Q: Have you thus far escaped an Appliance Betrayal, unlike in years past when on the Cusp Of A Major Holiday?
N: Surely you jest. Just this evening, the stove threw an F1 error code accompanied by an obnoxious beep. Additionally, the oven would not turn off. Was this sort of occurrence mentioned anyplace at all in the literature that came with the stove? Of course not. Rick threw the breaker, waited for a moment, then flipped it back on and went into Cleveland to watch professional basketball. I will be calling the appliance store tomorrow to beg for a repair slot before Thanksgiving. And hoping like hell that it doesn't happen again tonight when I'm home alone.

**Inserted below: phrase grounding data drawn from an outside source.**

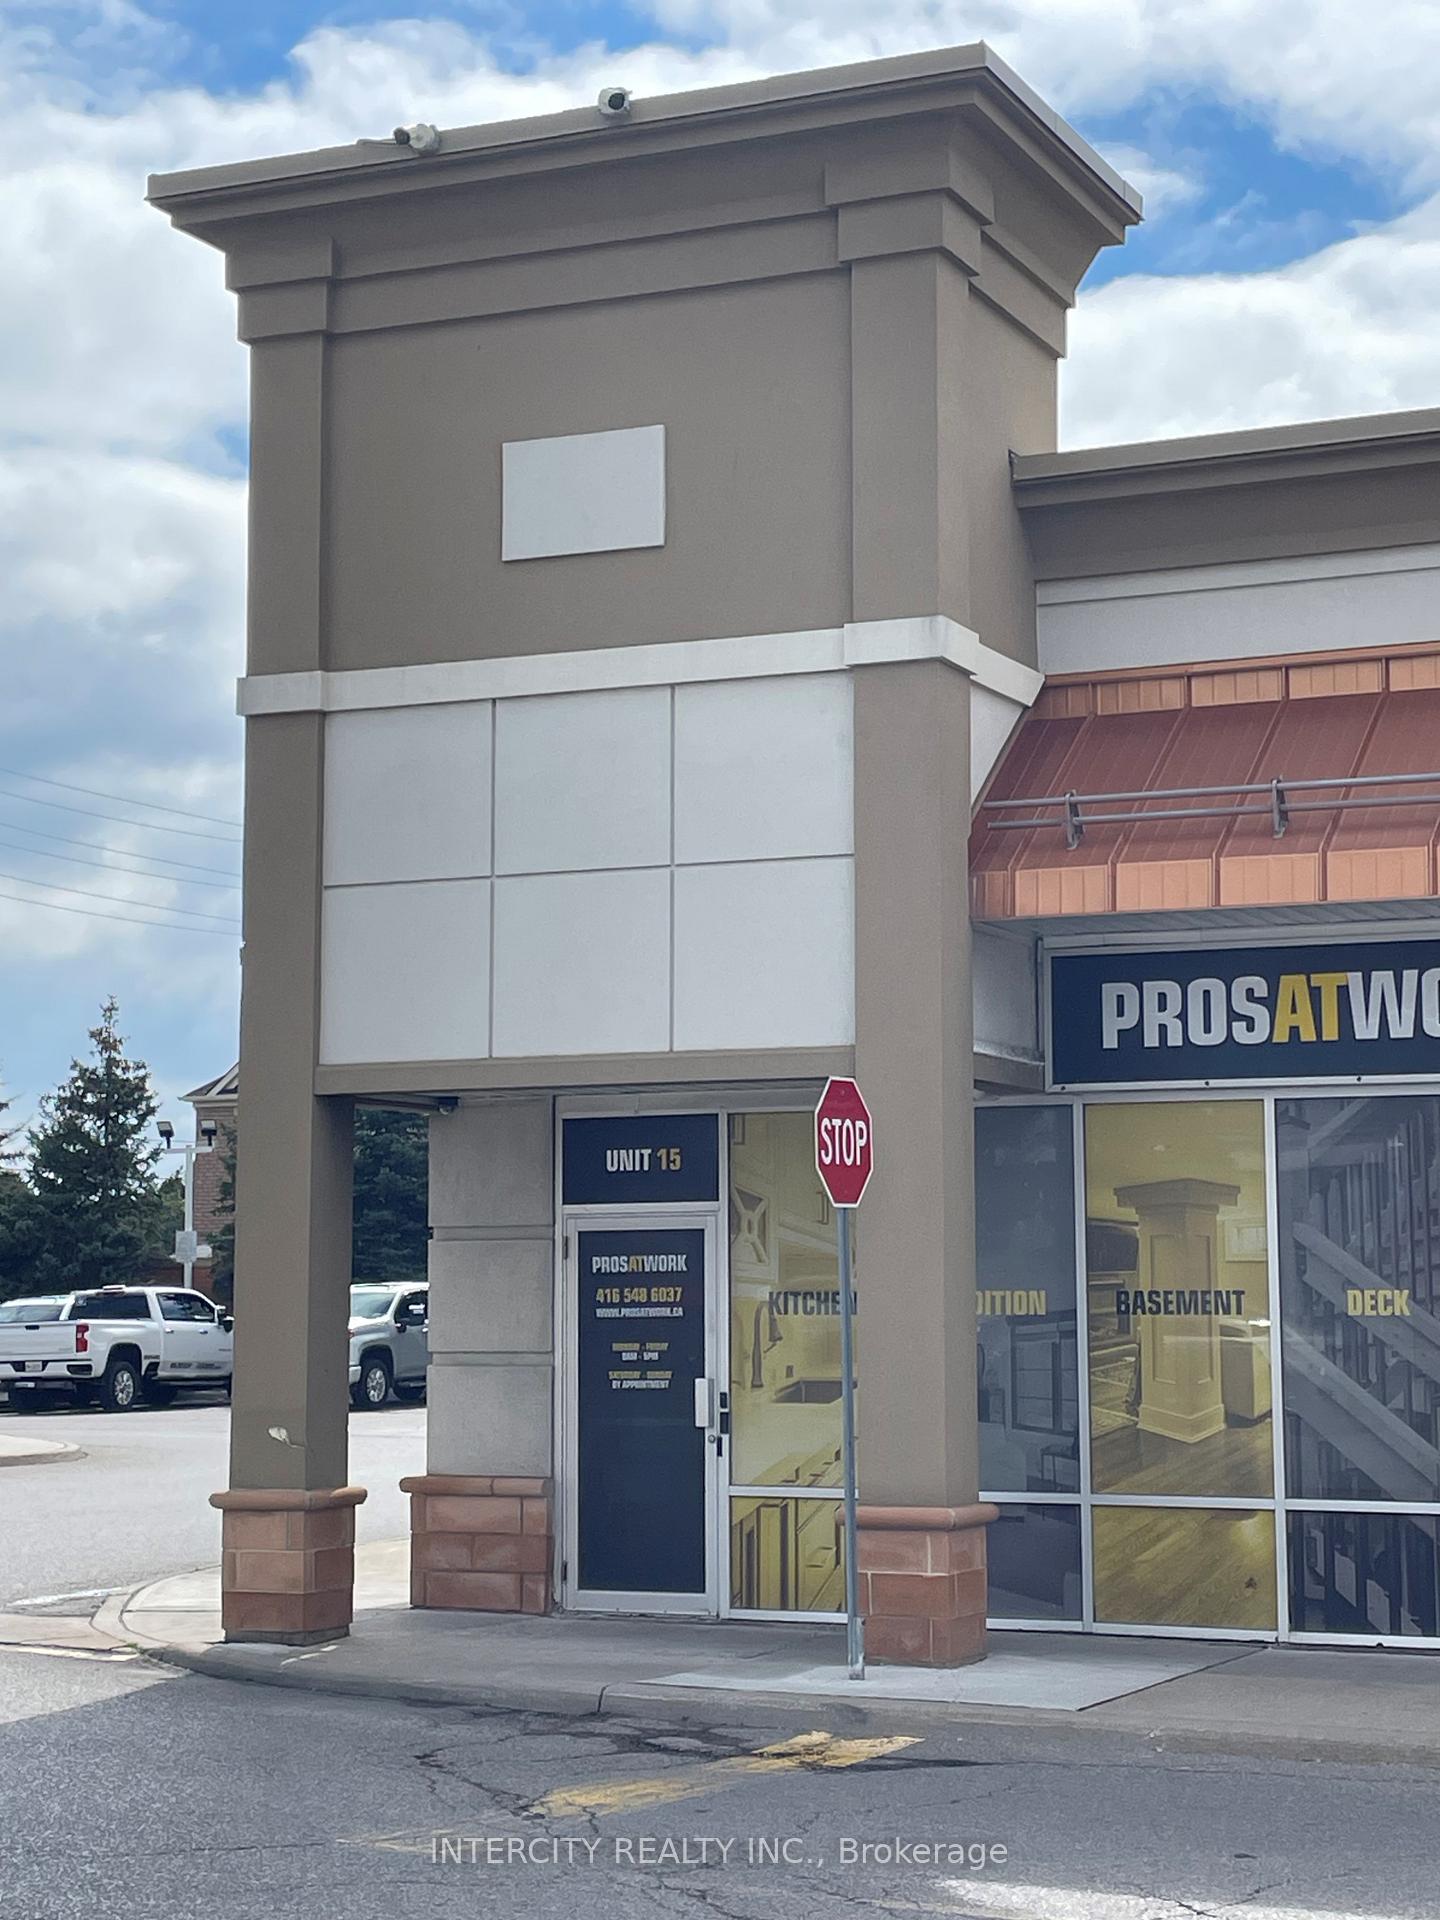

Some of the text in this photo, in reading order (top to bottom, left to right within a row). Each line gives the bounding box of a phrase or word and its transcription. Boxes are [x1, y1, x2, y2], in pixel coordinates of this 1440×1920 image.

[819, 1117, 868, 1166] STOP
[605, 1148, 682, 1172] UNIT 15
[591, 1254, 688, 1274] PROSATWORK
[596, 1288, 620, 1304] 416
[651, 1287, 683, 1303] 6037
[1116, 1289, 1246, 1317] BASEMENT
[1346, 1288, 1411, 1316] DECK
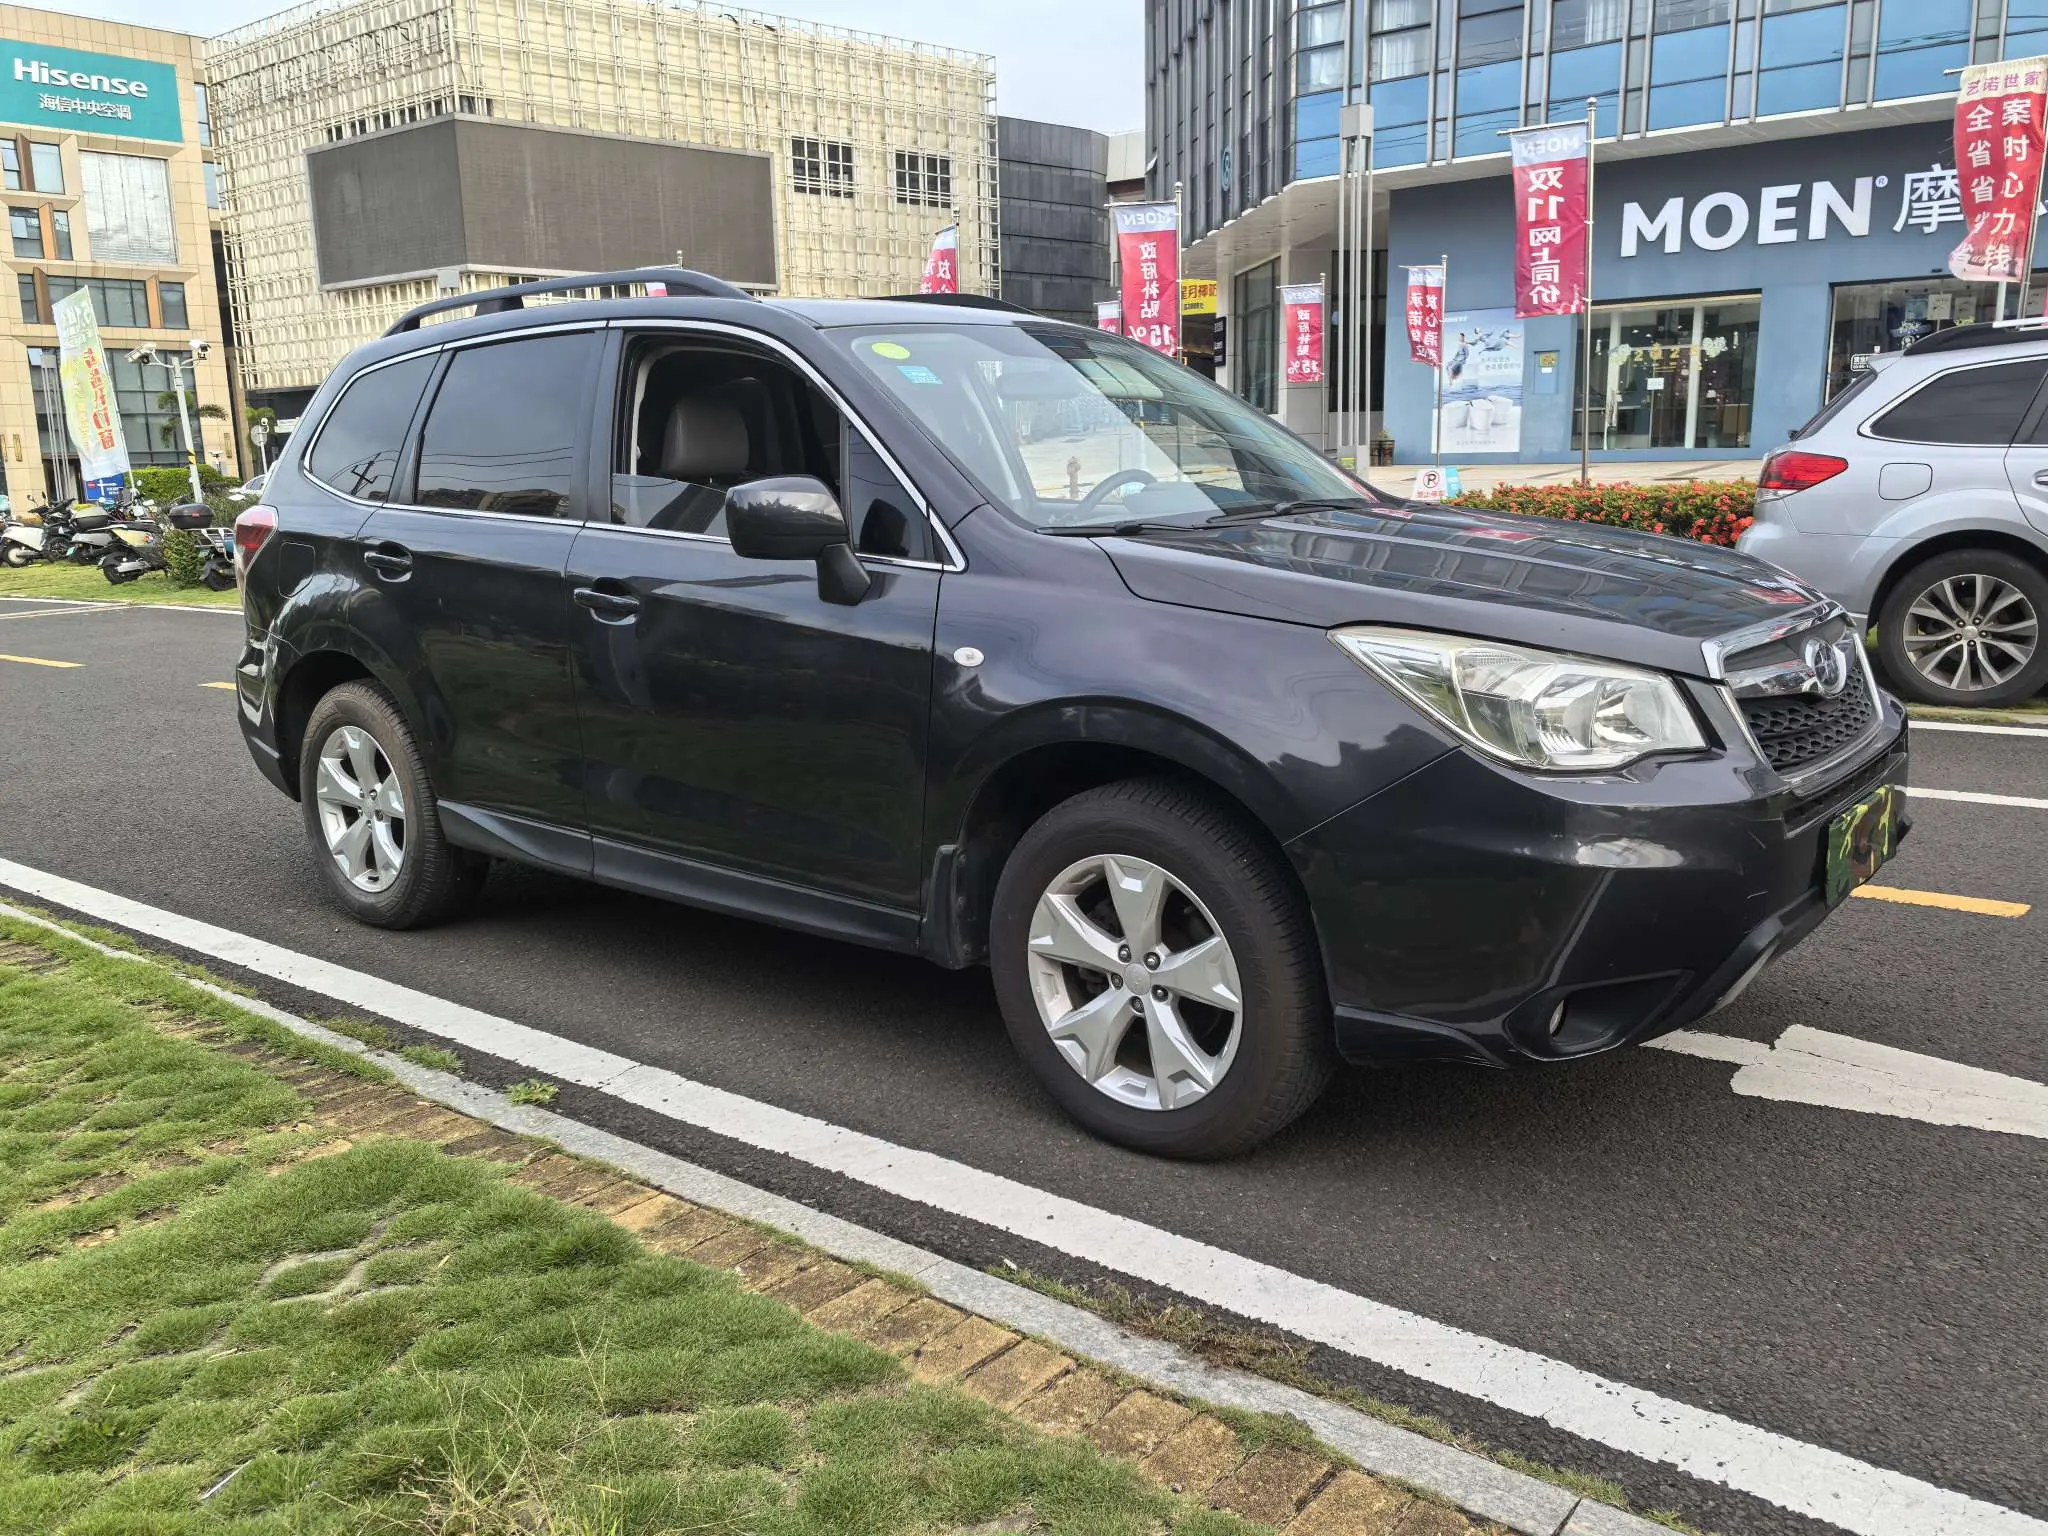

Q: But, are you feeling better?
N: Marginally, and with no thanks to homeopathy and natural cold remedies. Here are the Tree-Hugging Rainbow Methods I tried:
homemade chicken soup; hot water with honey and lemon; hot shower; hot bath; apple cider vinegar and honey; drink plenty of water; Vicks VapOrub on the soles of feet; Vicks VapOrub on the chest; SinusBlast hot pepper nasal spray; resting; keeping warm; megadosing Vitamin C; propping up to sleep.
Finally, I said Screw This. I bought Alka Seltzer Severe Cold and Flu Formula Night And Day (or something) and started knocking that stuff back. Now I can sleep without hacking up Huge Phlegm Wads and choking and gagging like a ten-pack-a-day smoker. Soon, I hope to get My Life back.
Q: Can we salvage November?
N: No. Not this year. It sucks. Ask Buffalo. Ask President Obama. Ask anyone in NEO who wants to listen to FM radio and not hear Christmas music. It's hopeless. I have been hard pressed not to open up the Industrial-Sized Can Of Whoopass on The Politics this month. It's killing me. Did you hear that Lindsey Graham--Lindsey "Senator Old Lady Fussypants" Graham is considering a run for the presidency? Of the United States? OF AMERICA?
Q: Is someone A Little Bit Crabby?
N: Yes. Someone really is. And here's what I'm going to do about it. I'm going to watch this and laugh. Join me.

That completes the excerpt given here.